Background Endometriosis is a debilitating gynaecological disorder with an elusive pathogenesis. While gut microbiota dysbiosis has been implicated, the causal role of gut-peritoneum microbial translocation and the specific mechanisms driving disease progression remain elusive. Notably, the role of peritoneal neutrophils and neutrophil extracellular traps (NETs) in the development of endometriosis remains unknown. Objective This study aims to delineate the pathogenic pathway linking gut microbiota to peritoneal neutrophil activation and the development of endometriosis. Design We combined single-cell RNA sequencing of clinical peritoneal fluid immune cells with functional validation in heterologous and homologous mice models. We further adopted microbial source-tracking analysis of patient cohorts and interventional strategies, including faecal microbiota transplantation (FMT) and administration of green fluorescent protein (GFP)-tagged Pseudomonas aeruginosa . Results We identified a unique membrane metalloendopeptidase (MME) positive neutrophil subset (Neu_MME) that is expanded in endometriosis and primed for NETs formation (NETosis).
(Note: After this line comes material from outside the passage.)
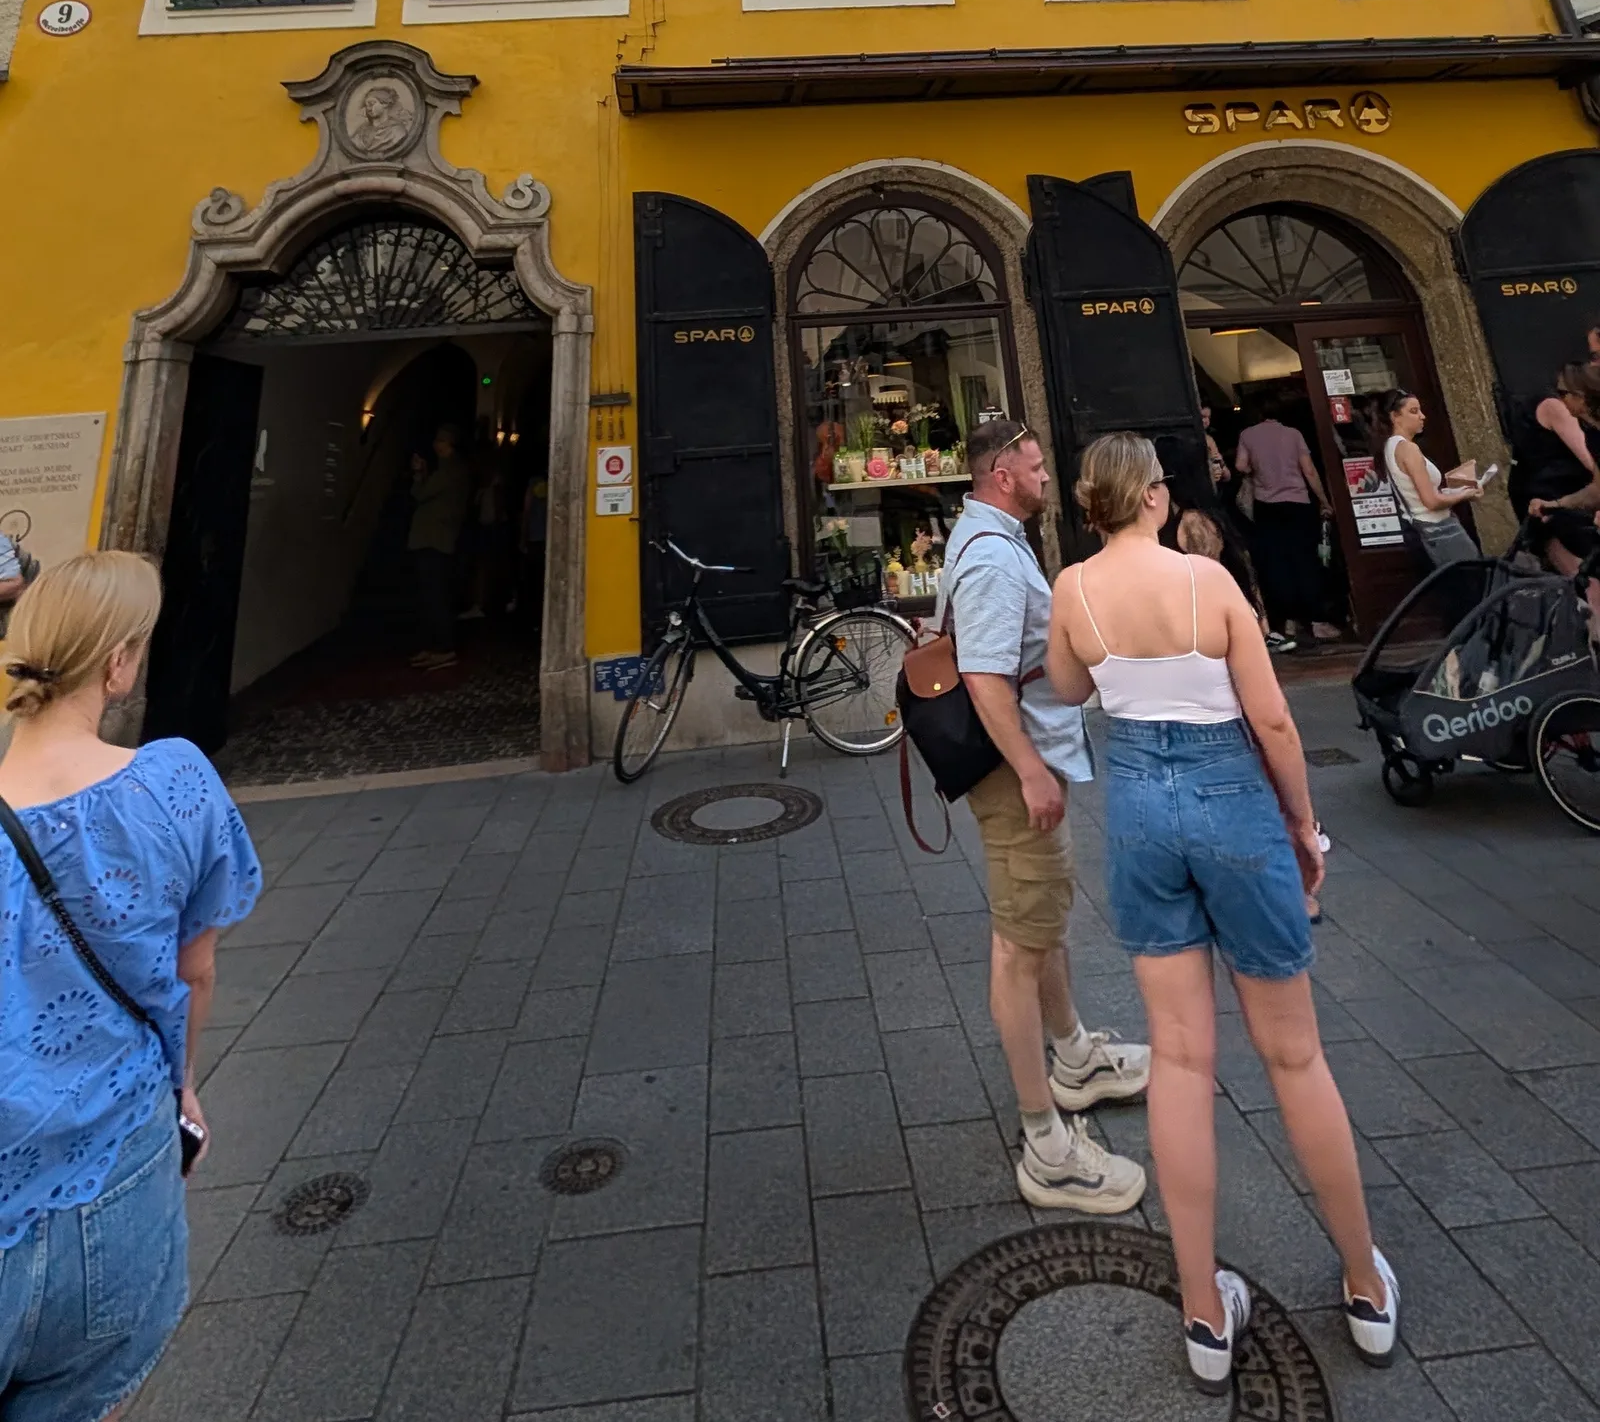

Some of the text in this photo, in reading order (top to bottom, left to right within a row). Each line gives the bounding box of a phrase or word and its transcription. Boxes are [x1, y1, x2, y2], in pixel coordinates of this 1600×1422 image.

These Neu_MME released NETs in response to bacterial lipopolysaccharides (LPS), which directly captured endometrial cells and enhanced their proliferation and migration, driving lesion development. Accordingly, inhibiting NETosis or degrading NETs significantly suppressed endometriosis in mice. Furthermore, FMT from patients with endometriosis to mice disrupted the intestinal barrier, promoting the translocation of gut microbiota, particularly Pseudomonas , into the peritoneal cavity and the lesions. This translocated Pseudomonas was identified as a key driver of LPS-induced NETosis and disease progression. Conclusion Our findings define a gut-peritoneum axis in endometriosis, where gut-derived Pseudomonas triggers NETosis in peritoneal Neu_MME to promote disease, suggesting that targeting this bacterium or NETosis represents a viable therapeutic strategy.